--- TRY IT ---
Copy every line of the data exactly, keeping out any picture.

*** Opening DATA SHOWN ***

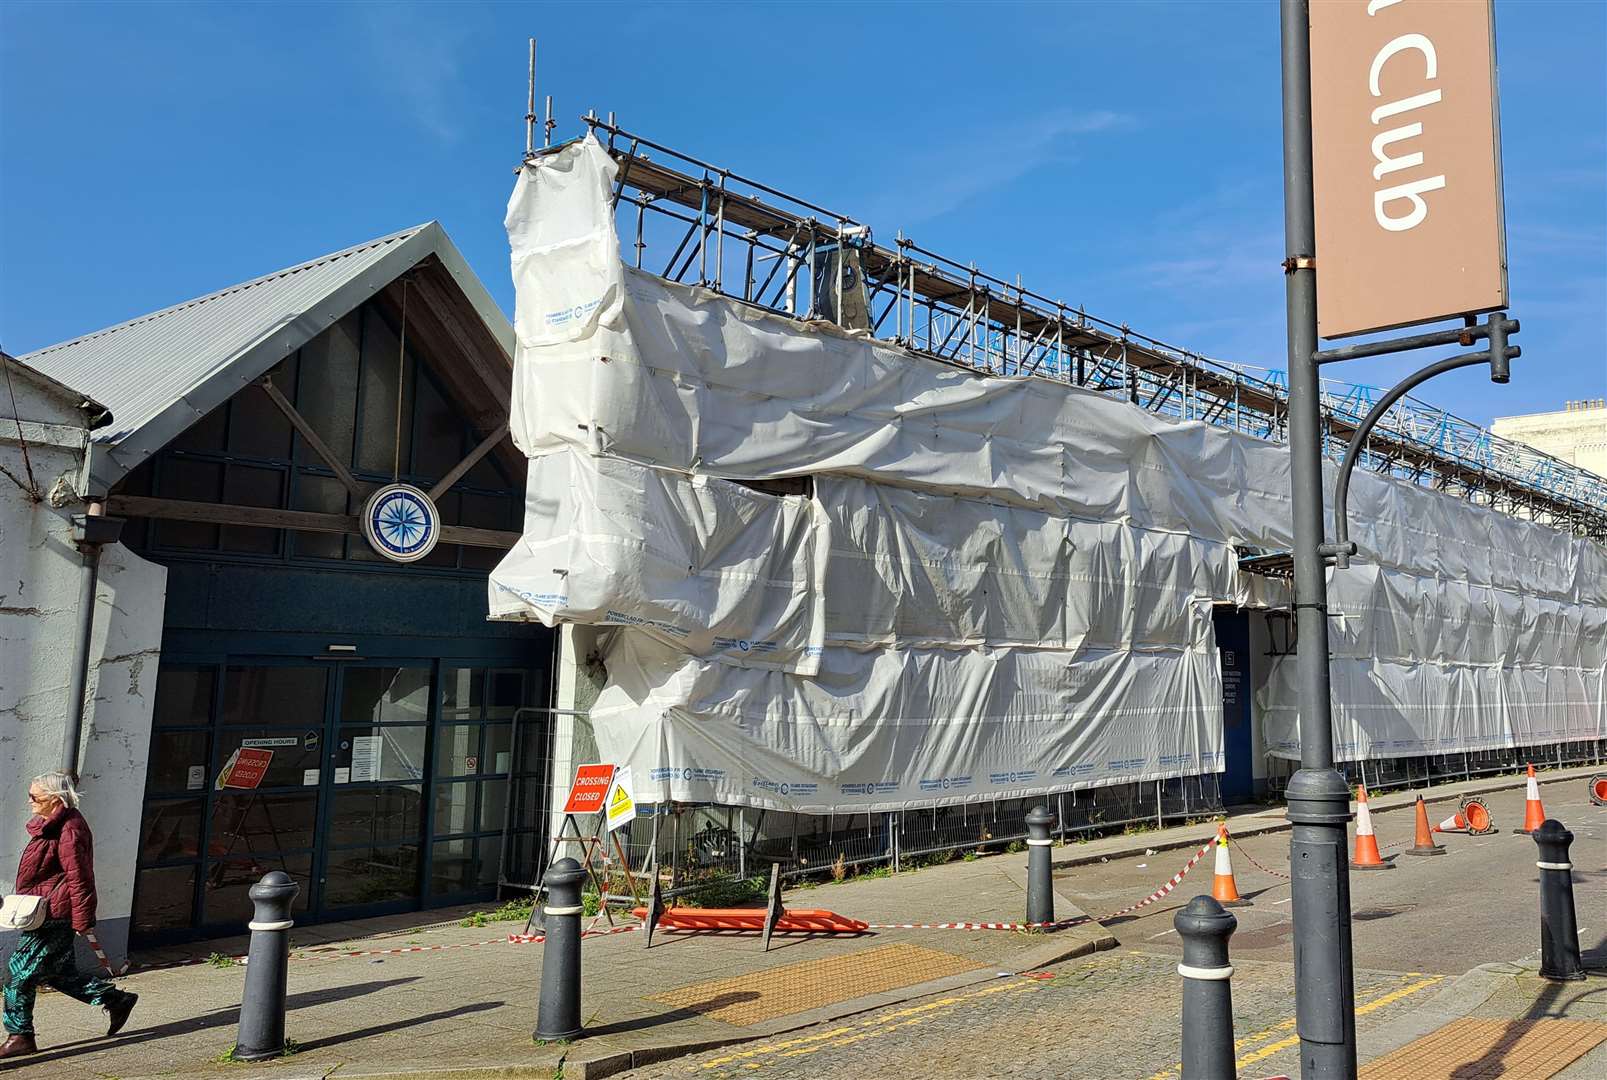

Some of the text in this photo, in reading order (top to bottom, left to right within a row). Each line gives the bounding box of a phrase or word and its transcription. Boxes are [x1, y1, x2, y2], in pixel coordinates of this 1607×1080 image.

[1369, 33, 1446, 232] Club
[576, 776, 609, 786] CROSSING
[574, 792, 601, 801] CLOSED
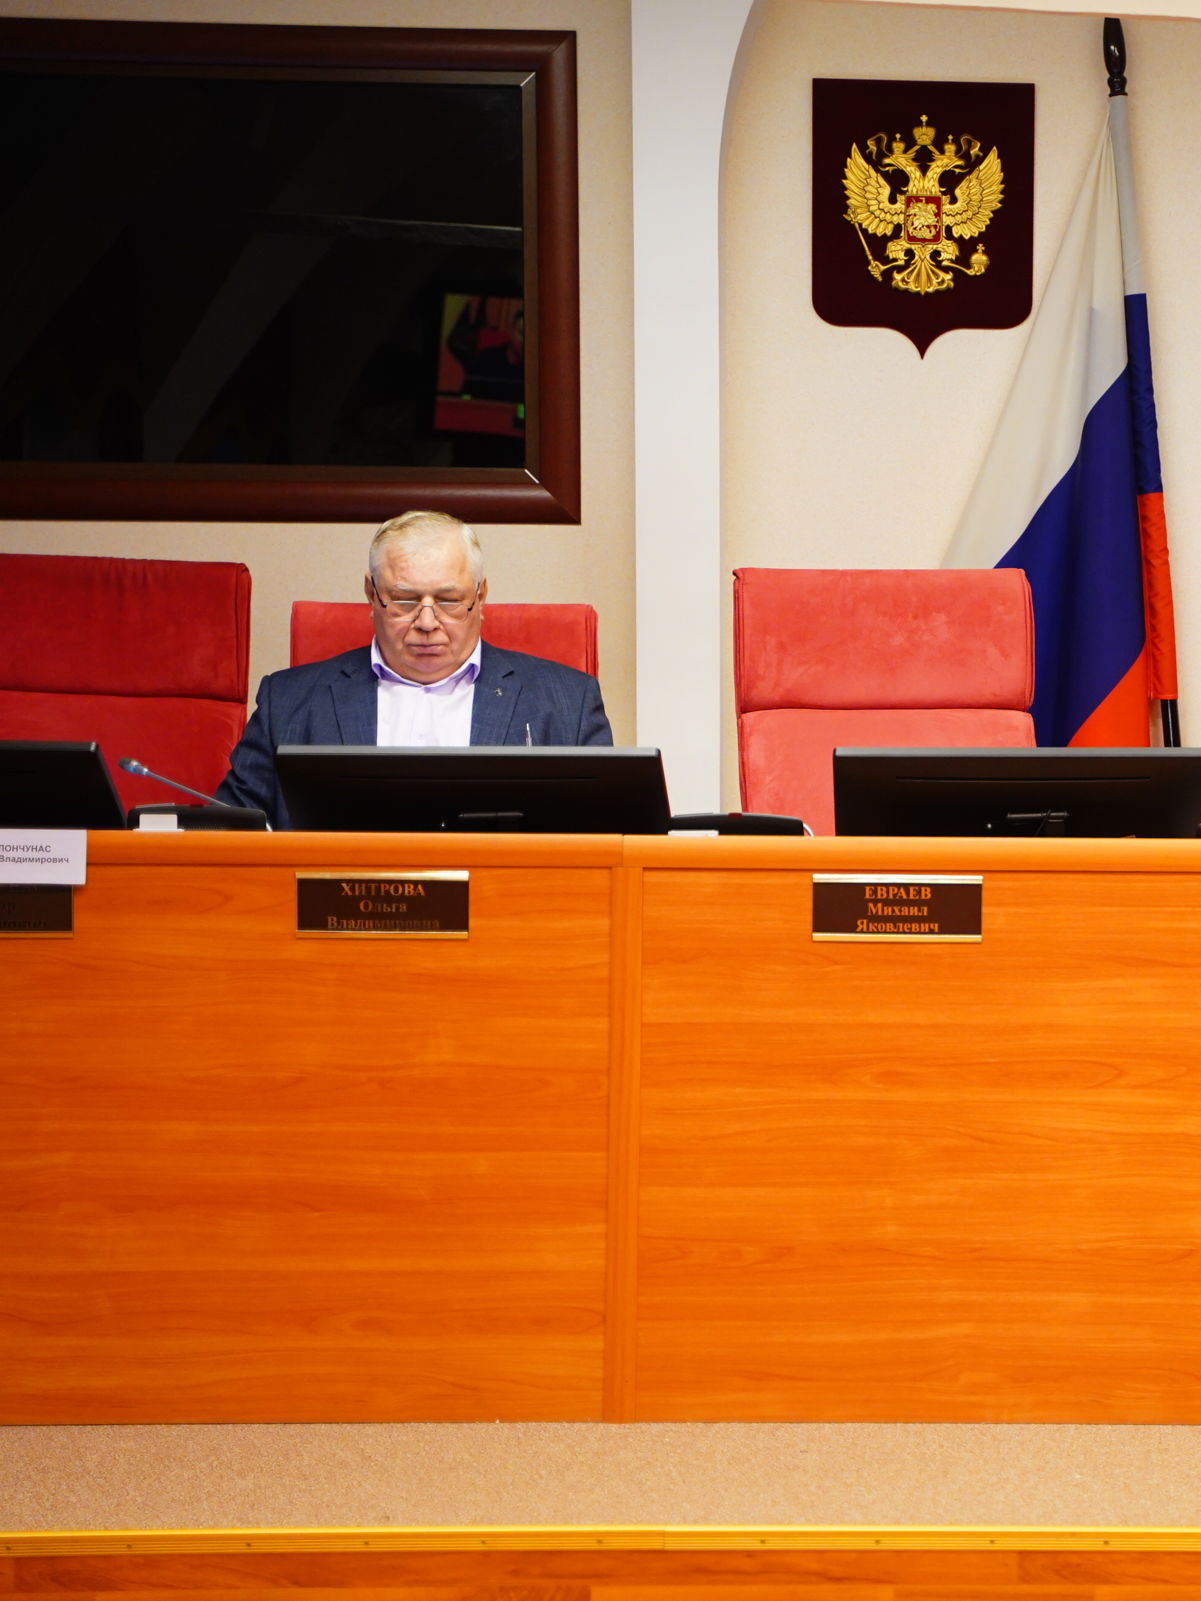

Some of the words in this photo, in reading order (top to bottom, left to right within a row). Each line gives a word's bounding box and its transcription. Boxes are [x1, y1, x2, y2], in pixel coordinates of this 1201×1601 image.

[340, 883, 425, 896] ХИТРОВА
[864, 886, 932, 899] ЕВРАЕВ
[359, 899, 408, 913] Ольга
[867, 902, 929, 916] Михаил
[327, 916, 440, 930] Владимировна
[856, 919, 939, 933] Яковлевич
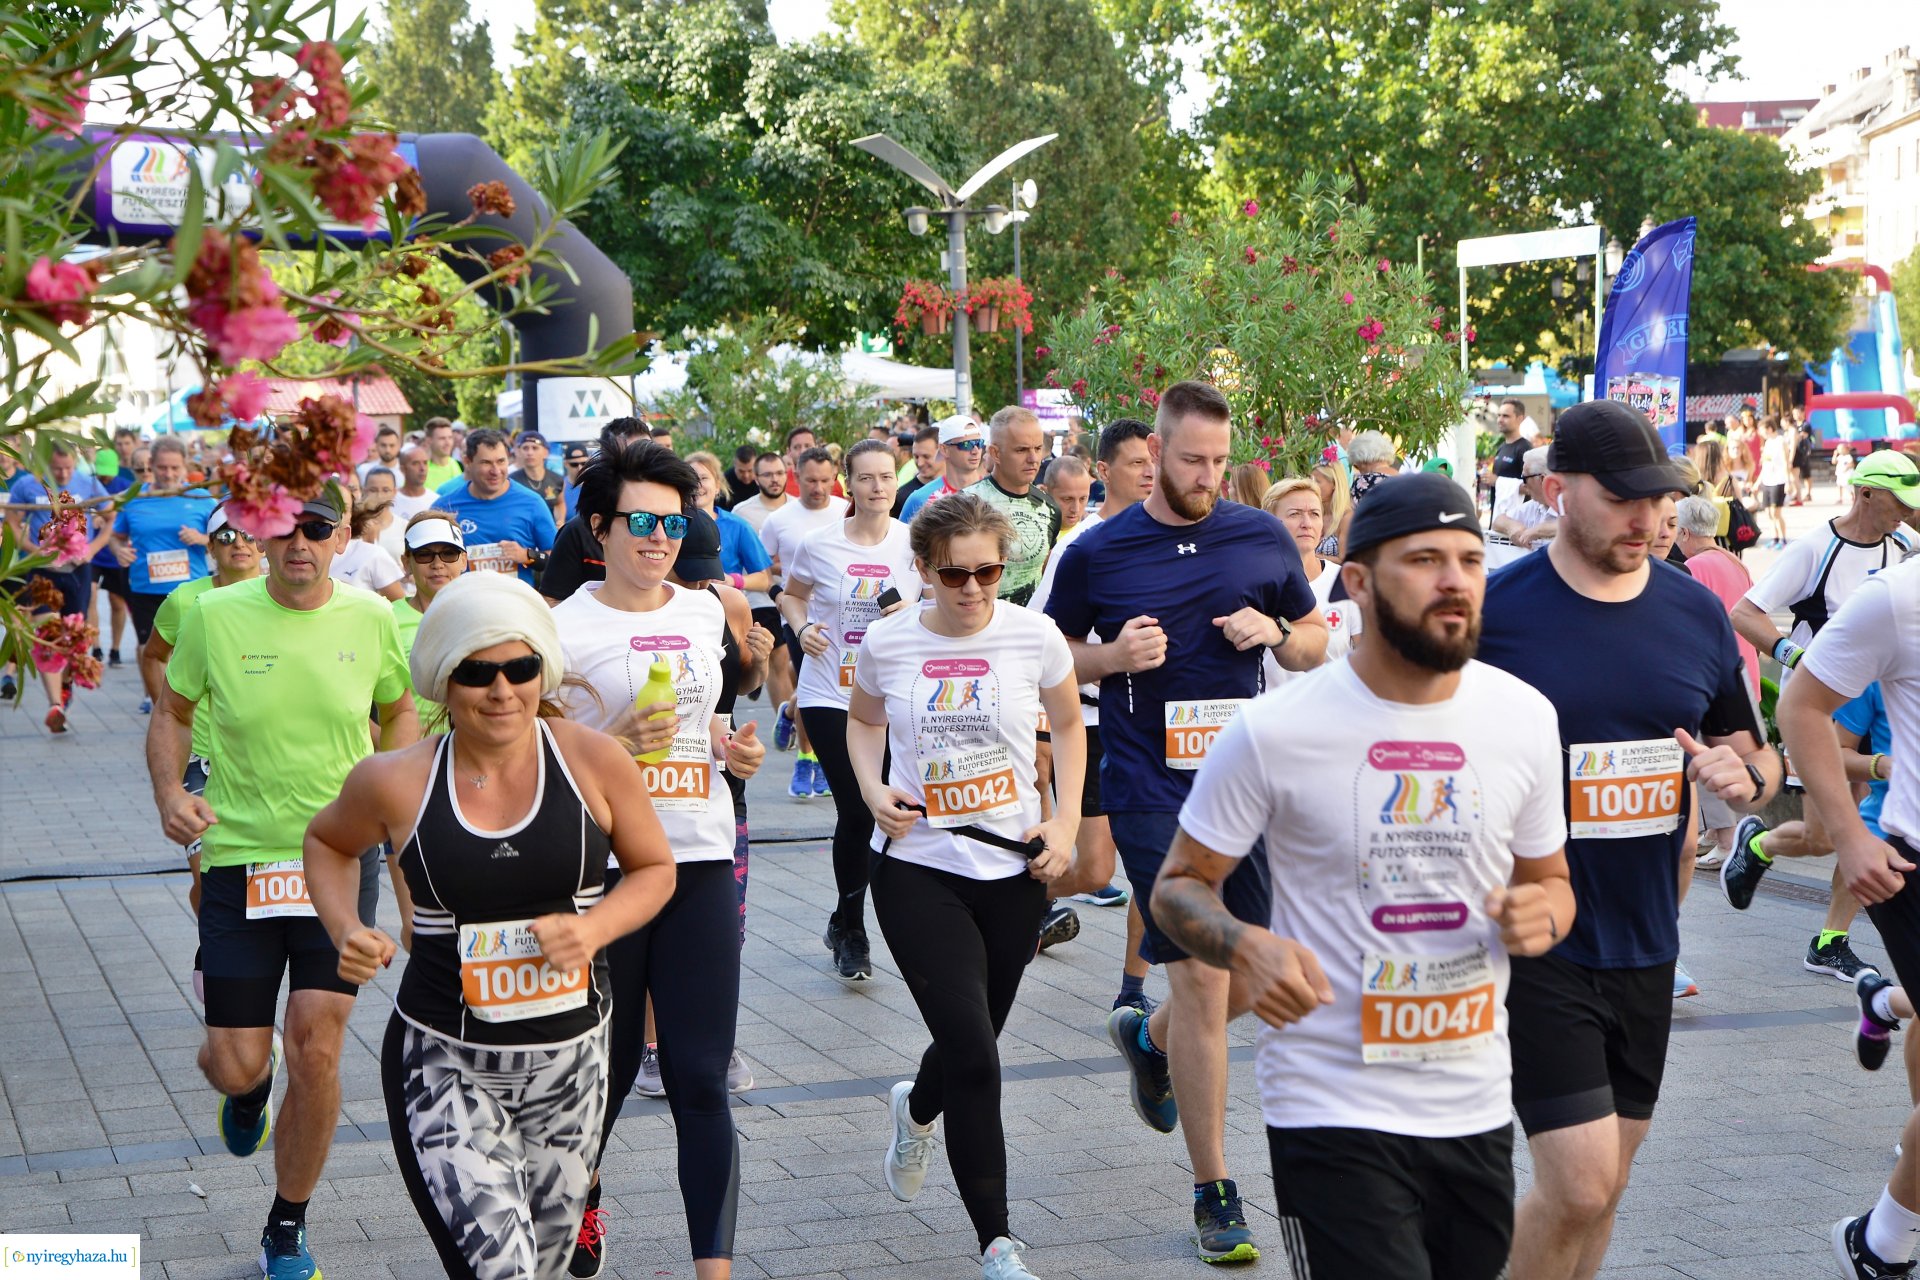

*** Closing DATA SHOWN ***

--- RESPONSE AREA ---
Some of the text in this photo, in reading order (top to bottom, left to right within a row). Each line gives the bounding box of a phrase or word and its transcription. Boxes are [x1, y1, x2, y2], in pixel coordinates of this 1607×1080 image.

[1369, 33, 1446, 232] Club
[576, 776, 609, 786] CROSSING
[574, 792, 601, 801] CLOSED

Some of the words in this photo, in reading order (top to bottom, left to right within a row). Each line gives a word's bounding box and its transcription. Boxes are [x1, y1, x2, y2], in pixel coordinates of this 1201×1601 image.

[340, 883, 425, 896] ХИТРОВА
[864, 886, 932, 899] ЕВРАЕВ
[359, 899, 408, 913] Ольга
[867, 902, 929, 916] Михаил
[327, 916, 440, 930] Владимировна
[856, 919, 939, 933] Яковлевич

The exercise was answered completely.